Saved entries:
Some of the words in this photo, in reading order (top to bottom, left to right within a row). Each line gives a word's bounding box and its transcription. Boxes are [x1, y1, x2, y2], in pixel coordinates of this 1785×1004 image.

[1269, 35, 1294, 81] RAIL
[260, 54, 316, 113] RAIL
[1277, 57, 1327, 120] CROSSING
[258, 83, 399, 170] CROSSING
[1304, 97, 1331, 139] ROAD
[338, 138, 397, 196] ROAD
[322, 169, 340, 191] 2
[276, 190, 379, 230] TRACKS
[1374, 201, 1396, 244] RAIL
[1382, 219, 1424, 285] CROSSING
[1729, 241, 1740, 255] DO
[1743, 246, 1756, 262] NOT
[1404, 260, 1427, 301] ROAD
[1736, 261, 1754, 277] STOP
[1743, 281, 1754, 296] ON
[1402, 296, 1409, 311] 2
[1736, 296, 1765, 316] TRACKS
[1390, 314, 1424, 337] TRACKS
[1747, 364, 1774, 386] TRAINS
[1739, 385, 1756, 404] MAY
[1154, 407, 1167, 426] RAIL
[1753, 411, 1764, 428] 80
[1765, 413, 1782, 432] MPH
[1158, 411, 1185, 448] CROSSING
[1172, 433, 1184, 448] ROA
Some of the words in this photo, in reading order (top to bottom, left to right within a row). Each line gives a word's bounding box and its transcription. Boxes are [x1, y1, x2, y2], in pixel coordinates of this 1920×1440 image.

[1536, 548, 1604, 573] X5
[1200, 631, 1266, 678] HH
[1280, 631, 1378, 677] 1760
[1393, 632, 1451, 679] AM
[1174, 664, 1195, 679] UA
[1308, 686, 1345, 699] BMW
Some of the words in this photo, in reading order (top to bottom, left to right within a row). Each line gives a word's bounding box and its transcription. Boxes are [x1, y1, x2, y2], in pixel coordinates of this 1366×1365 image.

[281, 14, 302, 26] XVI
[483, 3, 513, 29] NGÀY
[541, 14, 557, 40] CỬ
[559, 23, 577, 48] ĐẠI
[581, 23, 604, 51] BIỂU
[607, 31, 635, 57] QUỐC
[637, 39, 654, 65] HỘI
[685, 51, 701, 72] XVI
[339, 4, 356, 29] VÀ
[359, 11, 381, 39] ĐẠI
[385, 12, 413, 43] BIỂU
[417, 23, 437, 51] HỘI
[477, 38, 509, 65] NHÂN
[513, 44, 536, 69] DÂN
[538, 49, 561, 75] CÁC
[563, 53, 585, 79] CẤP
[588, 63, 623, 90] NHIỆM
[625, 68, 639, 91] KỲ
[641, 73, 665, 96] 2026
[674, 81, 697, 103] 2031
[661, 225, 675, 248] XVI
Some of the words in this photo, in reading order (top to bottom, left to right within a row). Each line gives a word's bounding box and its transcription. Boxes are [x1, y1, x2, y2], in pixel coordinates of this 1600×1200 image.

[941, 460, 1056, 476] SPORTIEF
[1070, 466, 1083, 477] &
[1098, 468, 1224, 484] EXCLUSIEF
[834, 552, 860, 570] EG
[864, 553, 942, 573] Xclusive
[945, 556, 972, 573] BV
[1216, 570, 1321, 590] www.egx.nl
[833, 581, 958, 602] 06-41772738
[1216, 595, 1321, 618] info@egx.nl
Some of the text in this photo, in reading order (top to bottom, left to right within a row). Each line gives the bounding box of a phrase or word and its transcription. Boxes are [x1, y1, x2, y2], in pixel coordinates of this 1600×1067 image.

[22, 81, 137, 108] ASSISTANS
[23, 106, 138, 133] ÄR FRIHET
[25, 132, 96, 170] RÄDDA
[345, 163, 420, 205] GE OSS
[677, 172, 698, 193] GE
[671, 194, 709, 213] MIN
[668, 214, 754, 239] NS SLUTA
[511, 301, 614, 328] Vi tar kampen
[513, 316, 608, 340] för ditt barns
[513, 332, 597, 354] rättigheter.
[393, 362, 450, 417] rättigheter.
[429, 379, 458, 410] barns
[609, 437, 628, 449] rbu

## The task
Each line of the data has to be written out exactly as it appears.

## Result
Some of the words in this photo, in reading order (top to bottom, left to right within a row). Each line gives a word's bounding box and its transcription. Boxes are [x1, y1, x2, y2], in pixel coordinates of this 1785×1004 image.

[1269, 35, 1294, 81] RAIL
[260, 54, 316, 113] RAIL
[1277, 57, 1327, 120] CROSSING
[258, 83, 399, 170] CROSSING
[1304, 97, 1331, 139] ROAD
[338, 138, 397, 196] ROAD
[322, 169, 340, 191] 2
[276, 190, 379, 230] TRACKS
[1374, 201, 1396, 244] RAIL
[1382, 219, 1424, 285] CROSSING
[1729, 241, 1740, 255] DO
[1743, 246, 1756, 262] NOT
[1404, 260, 1427, 301] ROAD
[1736, 261, 1754, 277] STOP
[1743, 281, 1754, 296] ON
[1402, 296, 1409, 311] 2
[1736, 296, 1765, 316] TRACKS
[1390, 314, 1424, 337] TRACKS
[1747, 364, 1774, 386] TRAINS
[1739, 385, 1756, 404] MAY
[1154, 407, 1167, 426] RAIL
[1753, 411, 1764, 428] 80
[1765, 413, 1782, 432] MPH
[1158, 411, 1185, 448] CROSSING
[1172, 433, 1184, 448] ROA
Some of the words in this photo, in reading order (top to bottom, left to right within a row). Each line gives a word's bounding box and its transcription. Boxes are [x1, y1, x2, y2], in pixel coordinates of this 1920×1440 image.

[1536, 548, 1604, 573] X5
[1200, 631, 1266, 678] HH
[1280, 631, 1378, 677] 1760
[1393, 632, 1451, 679] AM
[1174, 664, 1195, 679] UA
[1308, 686, 1345, 699] BMW
Some of the words in this photo, in reading order (top to bottom, left to right within a row). Each line gives a word's bounding box and its transcription. Boxes are [x1, y1, x2, y2], in pixel coordinates of this 1366×1365 image.

[281, 14, 302, 26] XVI
[483, 3, 513, 29] NGÀY
[541, 14, 557, 40] CỬ
[559, 23, 577, 48] ĐẠI
[581, 23, 604, 51] BIỂU
[607, 31, 635, 57] QUỐC
[637, 39, 654, 65] HỘI
[685, 51, 701, 72] XVI
[339, 4, 356, 29] VÀ
[359, 11, 381, 39] ĐẠI
[385, 12, 413, 43] BIỂU
[417, 23, 437, 51] HỘI
[477, 38, 509, 65] NHÂN
[513, 44, 536, 69] DÂN
[538, 49, 561, 75] CÁC
[563, 53, 585, 79] CẤP
[588, 63, 623, 90] NHIỆM
[625, 68, 639, 91] KỲ
[641, 73, 665, 96] 2026
[674, 81, 697, 103] 2031
[661, 225, 675, 248] XVI
Some of the words in this photo, in reading order (top to bottom, left to right within a row). Each line gives a word's bounding box and its transcription. Boxes are [x1, y1, x2, y2], in pixel coordinates of this 1600×1200 image.

[941, 460, 1056, 476] SPORTIEF
[1070, 466, 1083, 477] &
[1098, 468, 1224, 484] EXCLUSIEF
[834, 552, 860, 570] EG
[864, 553, 942, 573] Xclusive
[945, 556, 972, 573] BV
[1216, 570, 1321, 590] www.egx.nl
[833, 581, 958, 602] 06-41772738
[1216, 595, 1321, 618] info@egx.nl
Some of the text in this photo, in reading order (top to bottom, left to right within a row). Each line gives the bounding box of a phrase or word and its transcription. Boxes are [x1, y1, x2, y2], in pixel coordinates of this 1600×1067 image.

[22, 81, 137, 108] ASSISTANS
[23, 106, 138, 133] ÄR FRIHET
[25, 132, 96, 170] RÄDDA
[345, 163, 420, 205] GE OSS
[677, 172, 698, 193] GE
[671, 194, 709, 213] MIN
[668, 214, 754, 239] NS SLUTA
[511, 301, 614, 328] Vi tar kampen
[513, 316, 608, 340] för ditt barns
[513, 332, 597, 354] rättigheter.
[393, 362, 450, 417] rättigheter.
[429, 379, 458, 410] barns
[609, 437, 628, 449] rbu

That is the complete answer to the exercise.